7月28日 (金)
強い通り雨にあった夕時、私と石川君は裏通りの軒先で降りやむのを待っていた。そんな時も二人の会話はMTのことに集中してしまう。彼はMTの住所等を探す自信があるようだった。が、それは私には教えられないということだった。少しがっかりしたが、そのほうが良いと思ってみたが、やりきれなかった。せめて住んでいるところくらい知りたいと思った。私は彼にいった言葉を思い出していた。
「はてしないものを求めている」、どうして、こんな悲しいのぞみをもつようになってしまったのだろうか。一寸見当もつきかねるのである。
そうだ、はてしないものを求めておりさえすればそれでよいのかも知れない。それで一生を送り通すかもしれない。でもそれは出来ないことだろう。私は弱い。いつかは敗れてしまうことだろう。はてしないものを求めることは出来ないことだ。
以上が、友人山村君の日記である。7月14日から28日まて、それは夏休み前の2週間ほどのことである。
それからの山村君の日記は、あきらめと未練で埋まっていた。8月になると彼は、父の住んでいる沼津に旅立ち、ひと夏、そこで過ごして、全てを忘れようとした。
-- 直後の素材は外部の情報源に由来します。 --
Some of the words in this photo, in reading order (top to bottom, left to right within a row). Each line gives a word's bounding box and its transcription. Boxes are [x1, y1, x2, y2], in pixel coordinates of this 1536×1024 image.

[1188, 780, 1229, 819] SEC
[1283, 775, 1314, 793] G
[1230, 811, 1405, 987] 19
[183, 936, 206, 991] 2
私はどこへ行くことも出来ず、MTの幻影に悩まされた。
高校2年の2学期が始まり、私は山村君と再会した。学校が終わると、どちらからともなく二人の足は茂原駅へ向かっていた。それはむなしいことだと知っていたが、確かめないではいられなかった。夏休み前と同じように、駅には沢山の女学生たちがいた。そのなかに、ひときわ際立つMTの姿を見ることはなかった。ふたりは黙って街はずれの道表山へ登った。
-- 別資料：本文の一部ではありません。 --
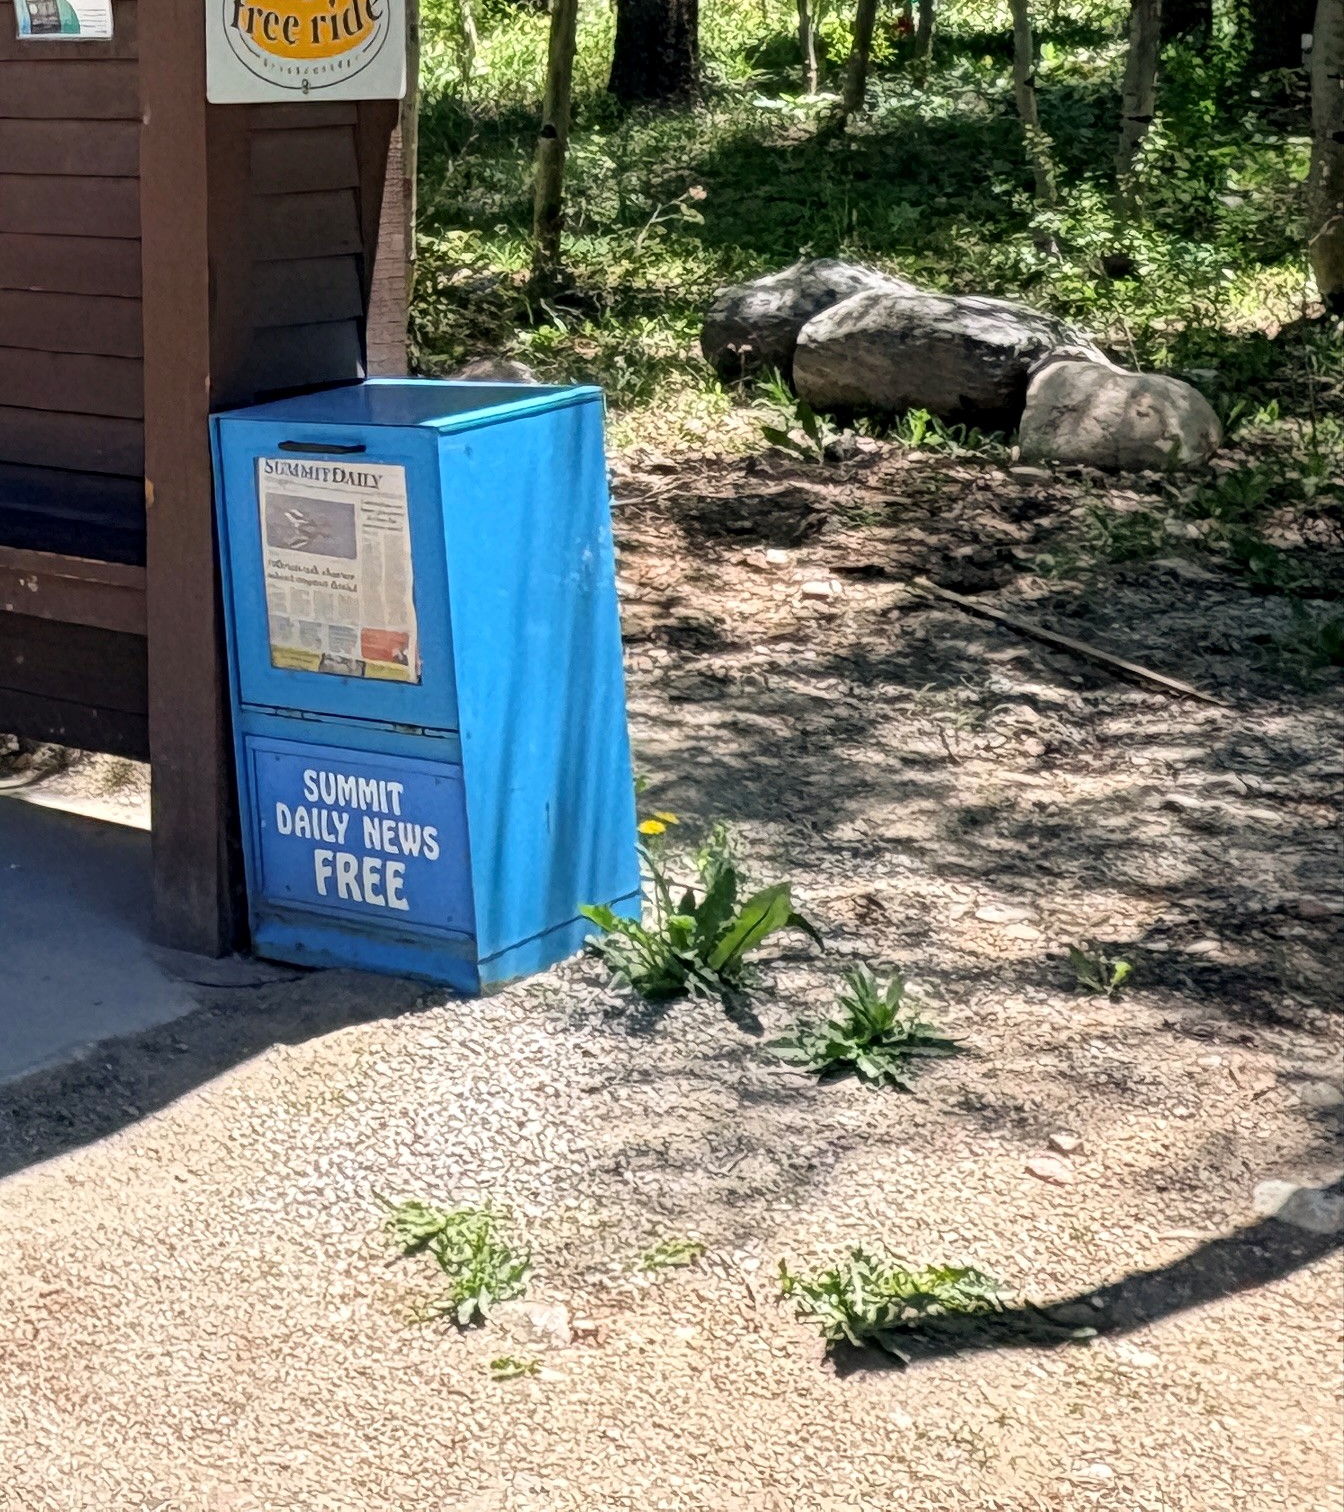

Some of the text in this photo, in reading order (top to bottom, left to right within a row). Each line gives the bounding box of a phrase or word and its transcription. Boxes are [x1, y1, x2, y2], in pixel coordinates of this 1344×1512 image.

そこは小さな丘だが、東に向かって眺望が広がっていた。直ぐ下に、彼女の通っていた女子高校がある。目をあげれば、緑に囲まれた茂原の街並み、左には私たちの高校が見える。そして、その果てには、九十九里浜があり、太平洋が広がる。雄大な風景のなかに、小さなことなど忘れてしまうようだ。私たちは何かに失望したり、壁にぶち当たると、よくここへ来た。MTだって、中学、高校5年余りの間には、何べんもこの山に登ったことだろう。しかし、この町にMTを見ることはもうない。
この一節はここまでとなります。